Problem to solve:
If an entry includes an image, drop the image and copy the rest verbatim.

Image-backed grounding data:

____

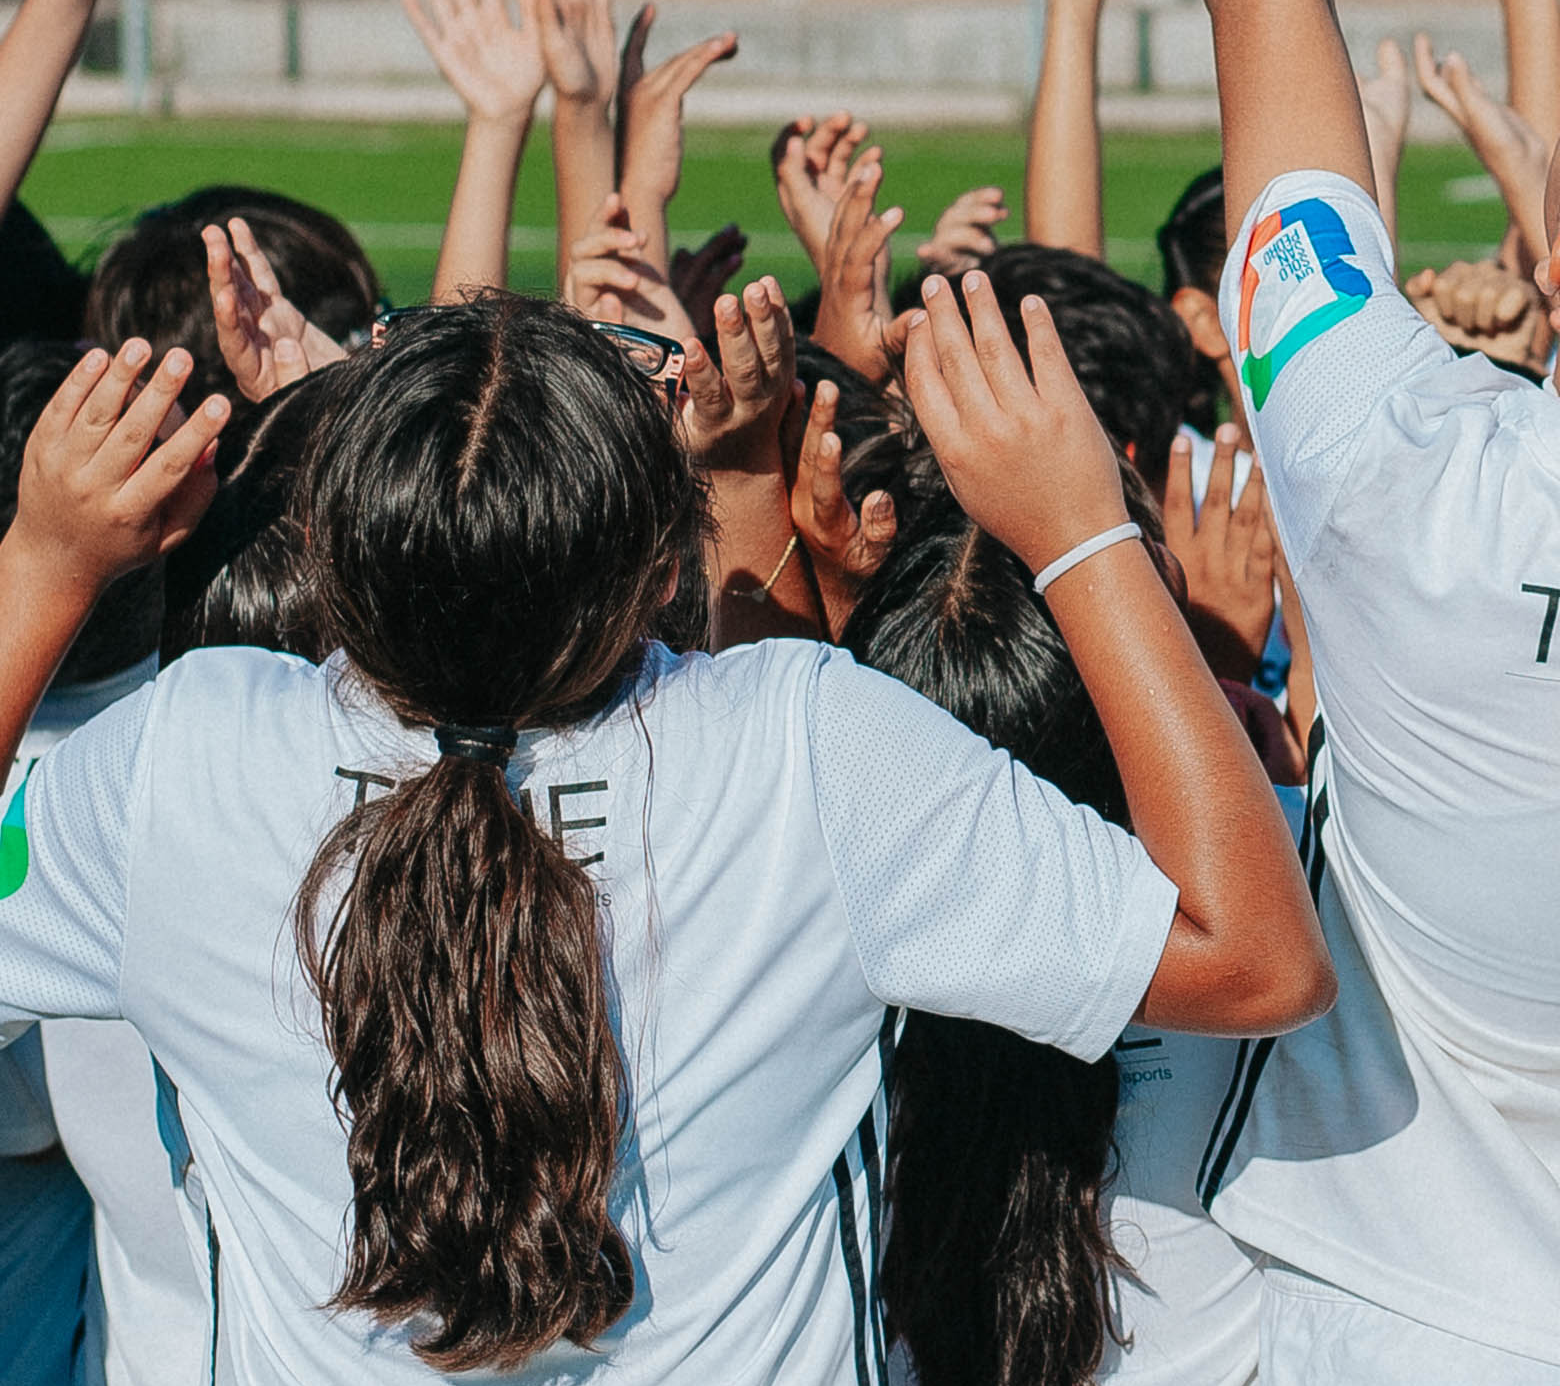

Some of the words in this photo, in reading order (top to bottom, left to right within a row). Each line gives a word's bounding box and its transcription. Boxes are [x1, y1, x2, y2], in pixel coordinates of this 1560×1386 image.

[1262, 228, 1300, 266] PEDRO
[1276, 239, 1305, 267] SAN
[1278, 255, 1311, 282] SOLO
[1294, 266, 1315, 284] UN
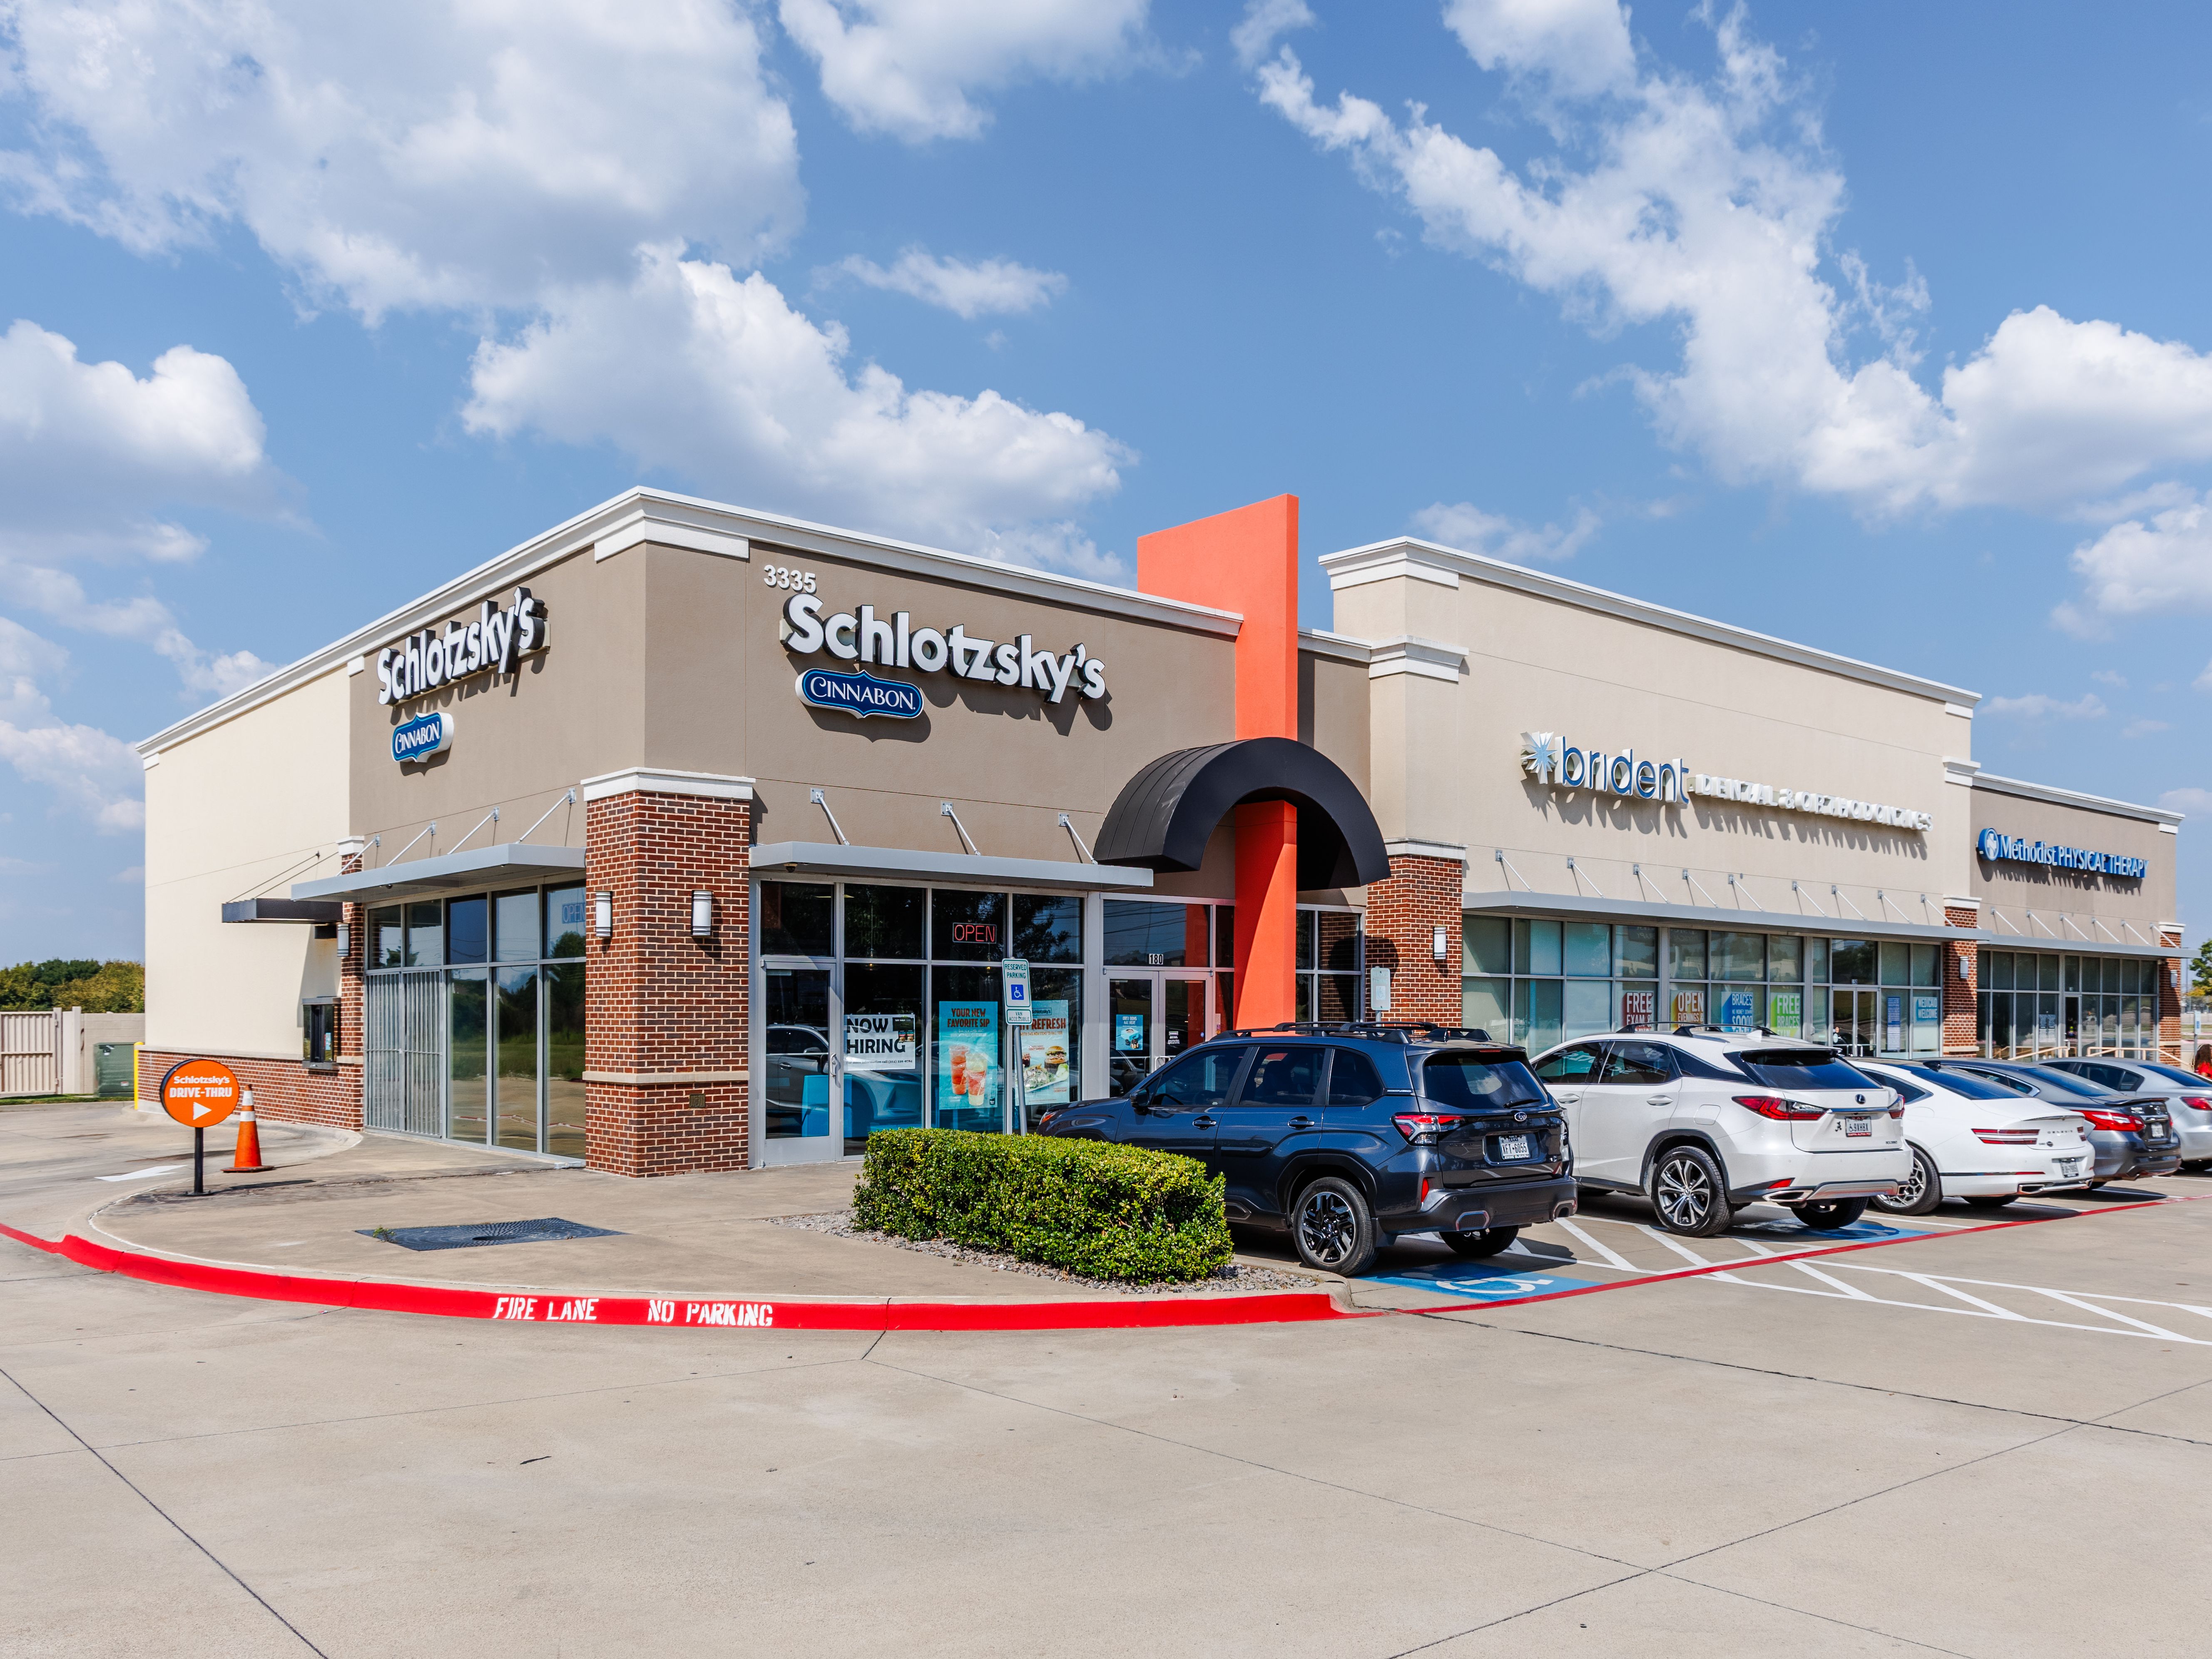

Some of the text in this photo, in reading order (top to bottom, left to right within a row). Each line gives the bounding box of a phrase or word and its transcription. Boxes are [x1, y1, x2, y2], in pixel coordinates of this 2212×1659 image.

____

Task response:
Some of the words in this photo, in reading order (top to bottom, left to right within a row). Each line gives a word's bounding box and its transcription. Boxes are [x1, y1, x2, y2], in pixel coordinates of this 1560×1386 image.

[1262, 228, 1300, 266] PEDRO
[1276, 239, 1305, 267] SAN
[1278, 255, 1311, 282] SOLO
[1294, 266, 1315, 284] UN

Some of the text in this photo, in reading order (top to bottom, left to right within a row). Each line gives the bounding box of a phrase or word and its transcription. Boxes are [x1, y1, x2, y2], in pixel coordinates of this 2212×1659 image.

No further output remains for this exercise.